Simply put, there’s a misconception that illnesses like UC are a deliberate choice that patients are making and that if “better choices” were made, these patients wouldn’t be sick. In reality, patients want nothing more than to feel well and fight tirelessly to be normal and live up to the expectations of others. As a patient, UC is constantly on my mind — when I’m in remission and when I’m flaring, like a playlist subtly playing a nagging song all day in the background.. I’m working every day to remember that my experiences as an UC patient are valid and that I know my body better than anyone. Still, it’s nice to be listened to, and more importantly, to be believed.

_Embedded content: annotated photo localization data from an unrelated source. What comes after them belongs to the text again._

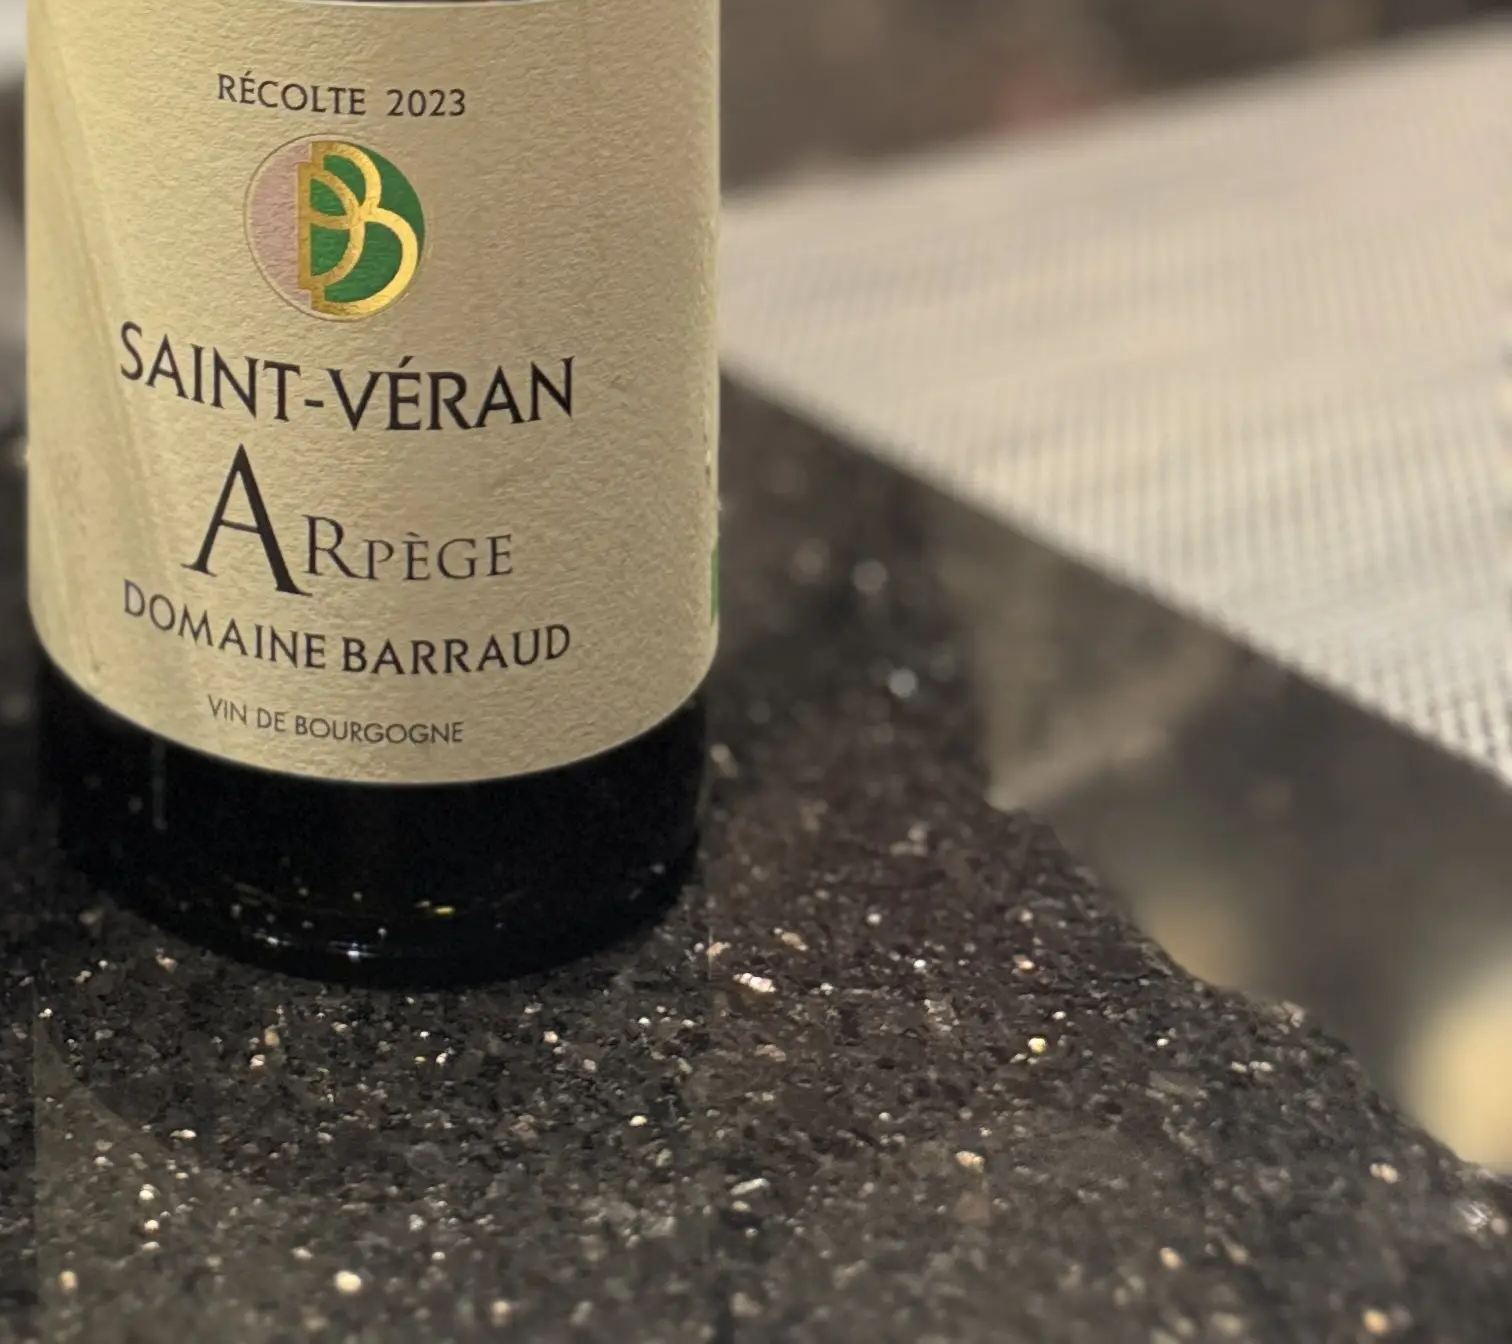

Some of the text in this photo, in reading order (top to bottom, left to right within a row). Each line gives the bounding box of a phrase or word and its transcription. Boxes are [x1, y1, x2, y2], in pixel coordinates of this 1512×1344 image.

[217, 72, 466, 117] RÉCOLTE 2023
[120, 321, 574, 432] SAINT-VÉRAN
[123, 580, 570, 674] DOMAINE BARRAUD
[208, 694, 464, 745] VIN DE BOURGOGNE
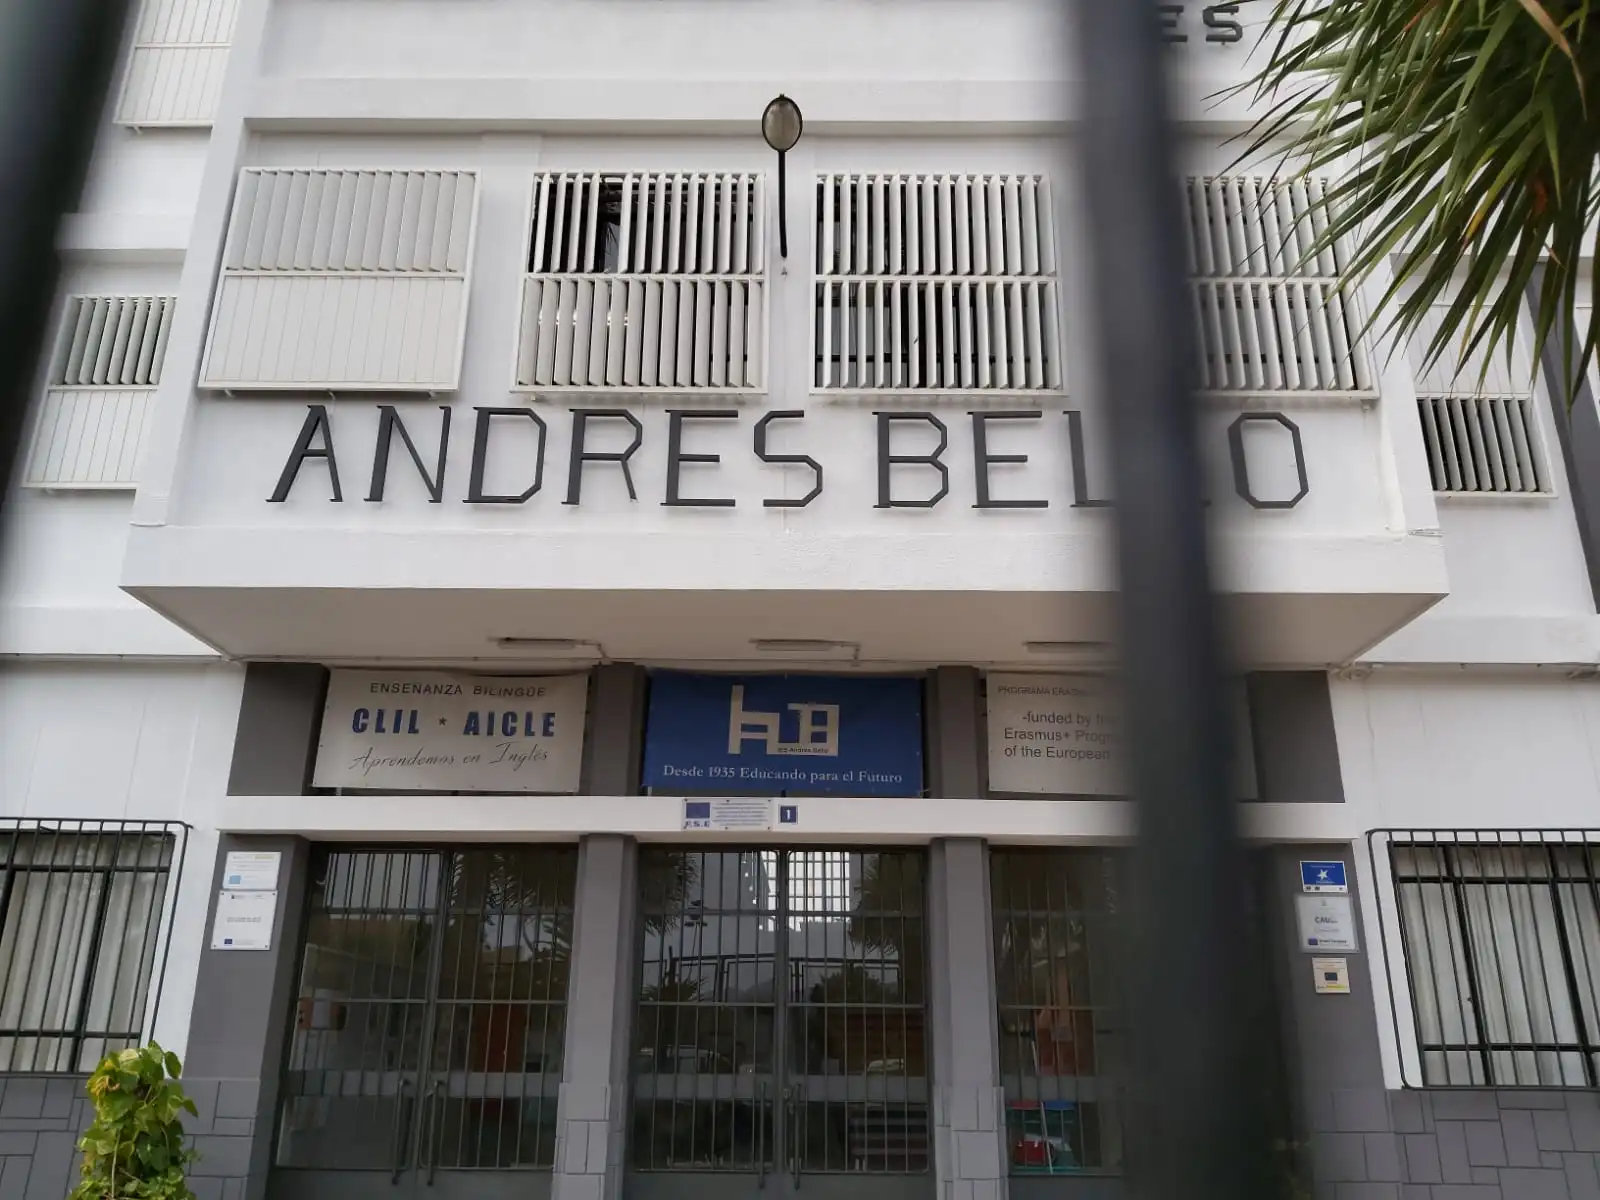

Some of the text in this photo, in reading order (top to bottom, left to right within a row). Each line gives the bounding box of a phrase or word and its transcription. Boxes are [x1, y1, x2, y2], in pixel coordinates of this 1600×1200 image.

[265, 404, 1309, 509] ANDRES BELO
[472, 684, 546, 698] BILINGÜE
[352, 707, 556, 738] CLIL AICLE
[1076, 713, 1092, 728] by
[1004, 727, 1113, 745] Erasmus+ Progr
[348, 746, 455, 777] Aprendemos
[463, 754, 480, 764] en
[1004, 745, 1111, 762] of the European
[663, 764, 903, 784] Desde 1935 Educando para el Futuro

Dealing with UC’s physical and emotional challenges can be a confusing and frustrating experience. It doesn’t help that it can seem like others will never understand what it’s like to be chronically ill, and it’s hurtful when it seems like people aren’t even trying to understand. However, I have found acceptance and support through the patient community in ways I never expected. I have watched other patients band together to change the conversation around illness and educate others on what it means to live with UC. In fact, I have become a better patient and advocate myself through these community conversations. By sharing my experiences and being a positive presence for other patients, I hope that I can help others realize that they are not alone and that they are greater than any misunderstandings or false judgments that are thrown their way.